Platform 3: TutorLMS + BuddyBoss

TutorLMS is a growing competitor to LearnDash that has gained significant ground in recent years, particularly among users who want a strong visual course builder experience. Combined with BuddyBoss for the community layer, it creates a compelling social learning environment with a more modern interface than the LearnDash combination in some areas.
TutorLMS offers course creation, quizzes, assignments, certificates, a front-end course builder, and a marketplace feature that allows multiple instructors to sell courses on the same platform, which is useful for organisations that want to monetise their social learning community.
Pros: The front-end course builder is genuinely easier to use for non-technical course creators than LearnDash’s back-end approach. The free version of TutorLMS is more generous than LearnDash’s free tier, making it possible to start building without an immediate financial commitment. The multi-instructor and marketplace features are strong for platforms that want to bring in external educators. BuddyBoss integrates with TutorLMS and the combination works well for community-driven learning environments. Visual dashboard and reporting are clean and easy to understand.
Cons: TutorLMS is less mature than LearnDash and has fewer enterprise deployments, which means less documentation of complex use cases. Some advanced features like drip course scheduling and detailed prerequisites are better implemented in LearnDash. The plugin ecosystem and third-party integrations are smaller than LearnDash’s, which can limit options as your platform scales. Support response times have received mixed reviews compared to LearnDash’s more established support structure.
Best for: Content creators, coaching businesses, organisations that want a multi-instructor marketplace, and teams that prefer a visual front-end course builder over a back-end setup.
Quick Comparison
Note: The figures above are estimated ranges and may vary depending on project requirements, hosting infrastructure, premium plugin costs, custom features, and future platform updates.
What to Consider Before You Build
Before you choose a platform and start building, answer these questions honestly.
How many members are you starting with and where do you expect to be in two years? Platforms that work well for 200 members can struggle with 5,000 if the hosting and architecture are not planned correctly from the start.
What does your team’s technical capacity look like? If you have a developer who understands WordPress, LearnDash and BuddyBoss give you the most power. If you are building this yourself without a technical background, TutorLMS may give you a smoother experience early on.

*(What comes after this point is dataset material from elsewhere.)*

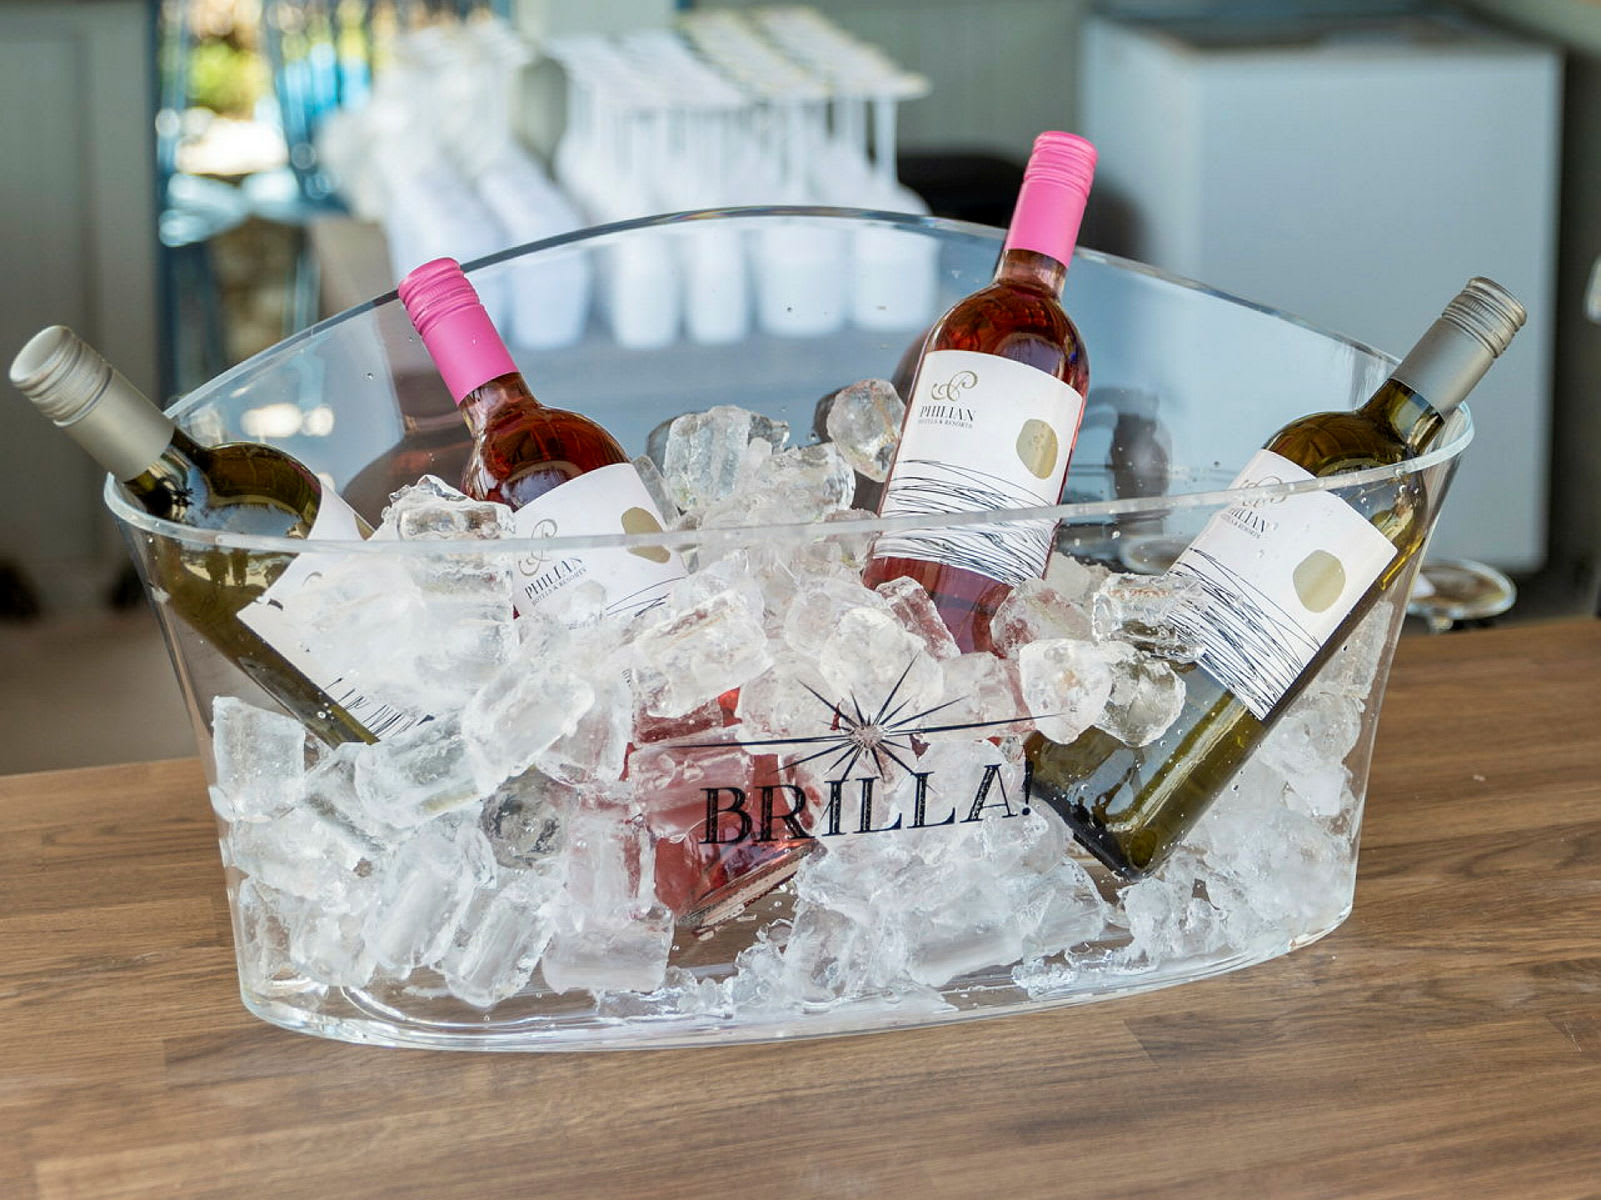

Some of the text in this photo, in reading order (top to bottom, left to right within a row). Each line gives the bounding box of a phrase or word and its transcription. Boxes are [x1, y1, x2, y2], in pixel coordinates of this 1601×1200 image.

[919, 404, 975, 422] PHILIAN
[524, 557, 583, 600] PHILIAN
[698, 760, 1035, 845] BRILLA!

Are your learners required to complete the courses for compliance or certification purposes? If yes, LearnDash’s reporting, certificate engine, and completion tracking are industry-leading and worth the investment.

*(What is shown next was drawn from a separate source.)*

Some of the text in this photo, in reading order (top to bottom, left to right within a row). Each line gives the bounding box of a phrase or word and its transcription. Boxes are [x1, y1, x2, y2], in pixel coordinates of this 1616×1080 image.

What is your monetisation plan? If you intend to charge members for access, all three options support WooCommerce and payment gateways. BuddyBoss also has its own paid membership integration.

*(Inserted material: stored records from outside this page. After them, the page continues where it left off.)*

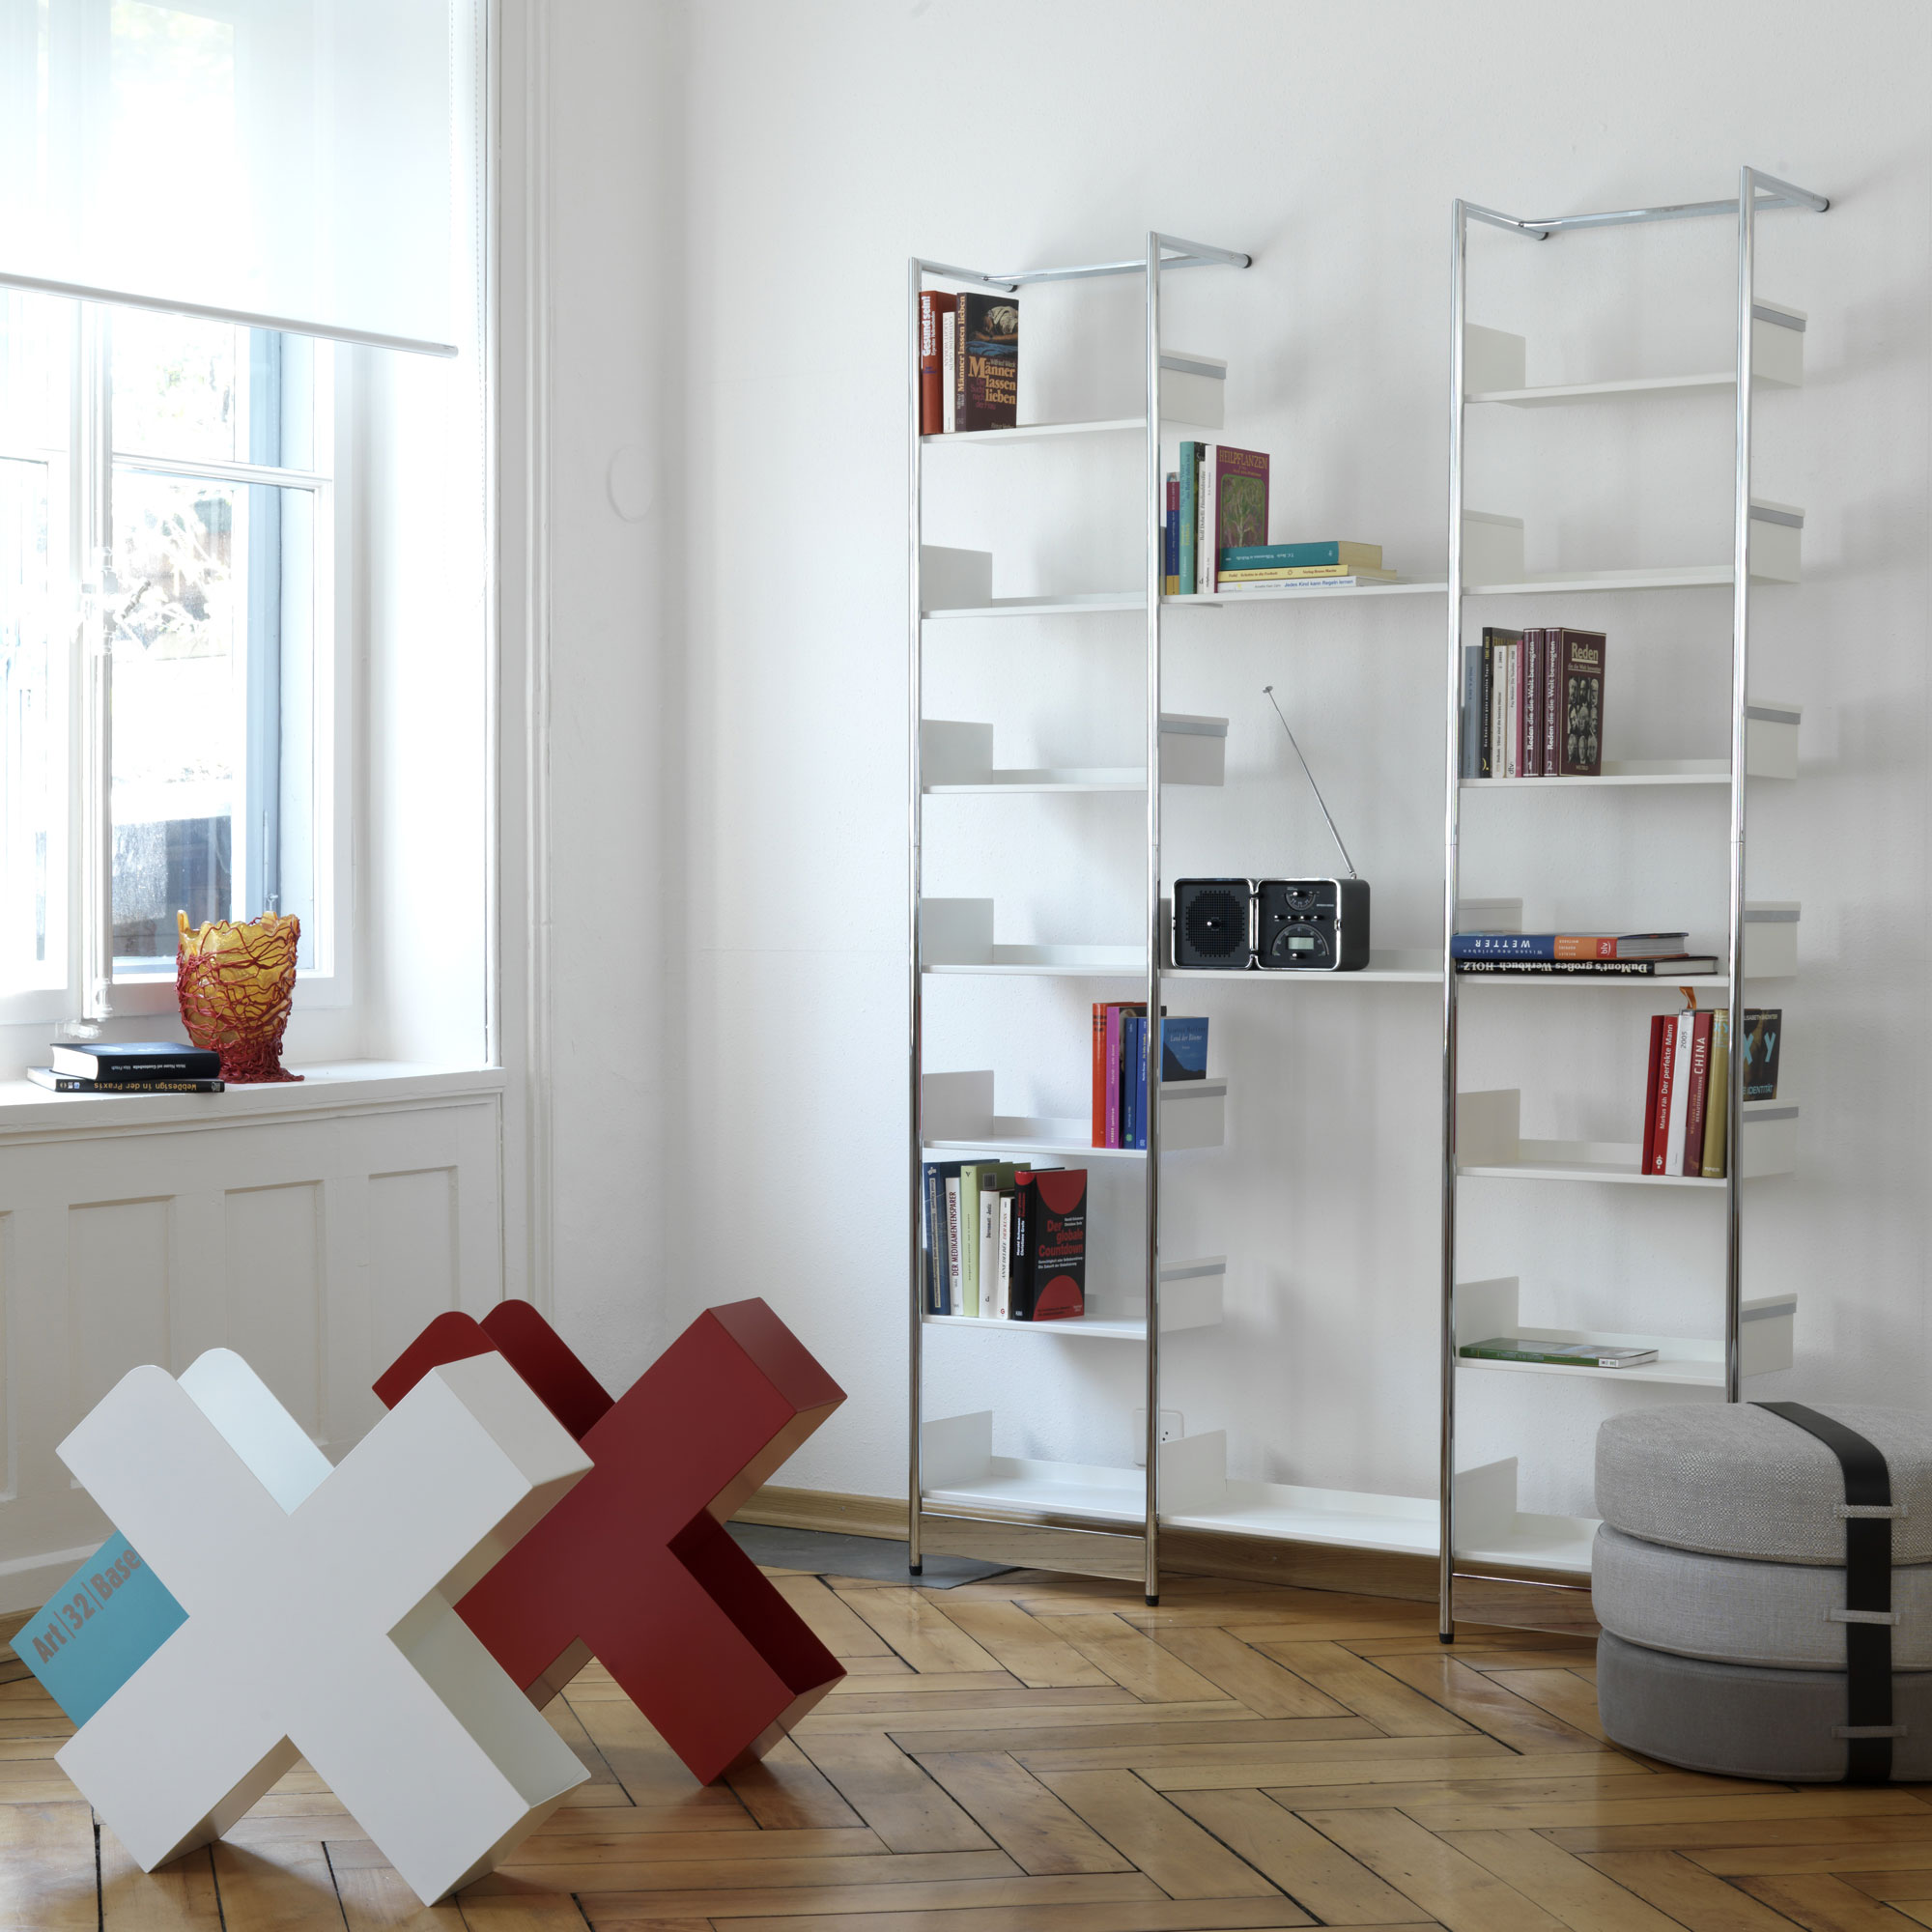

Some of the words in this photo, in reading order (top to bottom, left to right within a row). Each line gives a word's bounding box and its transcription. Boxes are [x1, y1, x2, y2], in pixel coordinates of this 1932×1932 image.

[922, 296, 931, 319] sein!
[923, 320, 932, 356] Gesund
[968, 355, 1016, 378] Männer
[985, 375, 1016, 391] lassen
[985, 388, 1016, 404] lieben
[1220, 448, 1268, 469] HEILPFLANZEN
[1571, 642, 1598, 661] Reden
[1528, 761, 1533, 770] 1
[1548, 761, 1553, 770] 2
[1474, 939, 1530, 948] WETTER
[1463, 962, 1494, 970] HOLZ
[1500, 962, 1552, 971] Werkbuch
[1556, 962, 1593, 972] großes
[1596, 962, 1647, 973] DuMont's
[1666, 1024, 1674, 1046] Mann
[1694, 1037, 1706, 1074] CHINA
[1744, 1032, 1754, 1065] X
[1764, 1032, 1776, 1062] Y
[1663, 1048, 1673, 1079] perfekte
[155, 1082, 197, 1091] WebDesign
[1661, 1081, 1669, 1094] Der
[1747, 1084, 1773, 1095] IDENTITÄT
[949, 1191, 959, 1262] MEDIKAMENTENSPARER
[1047, 1220, 1062, 1232] Der
[1057, 1229, 1083, 1244] globale
[1039, 1243, 1083, 1257] Countdown
[952, 1264, 960, 1276] DER

Do you need a mobile app? BuddyBoss has a dedicated app builder that lets you create a branded iOS and Android app for your community, which is a significant feature for platforms targeting professional communities who want a polished mobile experience.
A Final Word
Social learning is not a trend. It is the way people have always learned best when given the right environment. The technology has simply made it possible to build that environment at scale, across cities, states, and countries, without anyone having to be in the same room.
If the doctors on that training hub I built years ago could come back from a conference in Abuja, log into their platform, share what they learned, discuss it with colleagues in Calabar and Jos, and add it to the knowledge base that the entire community benefits from, then the platform was not just a learning tool. It was a professional community that made every member better at their work.
That is what good social learning does. And with WordPress, the tools to build it are well within reach.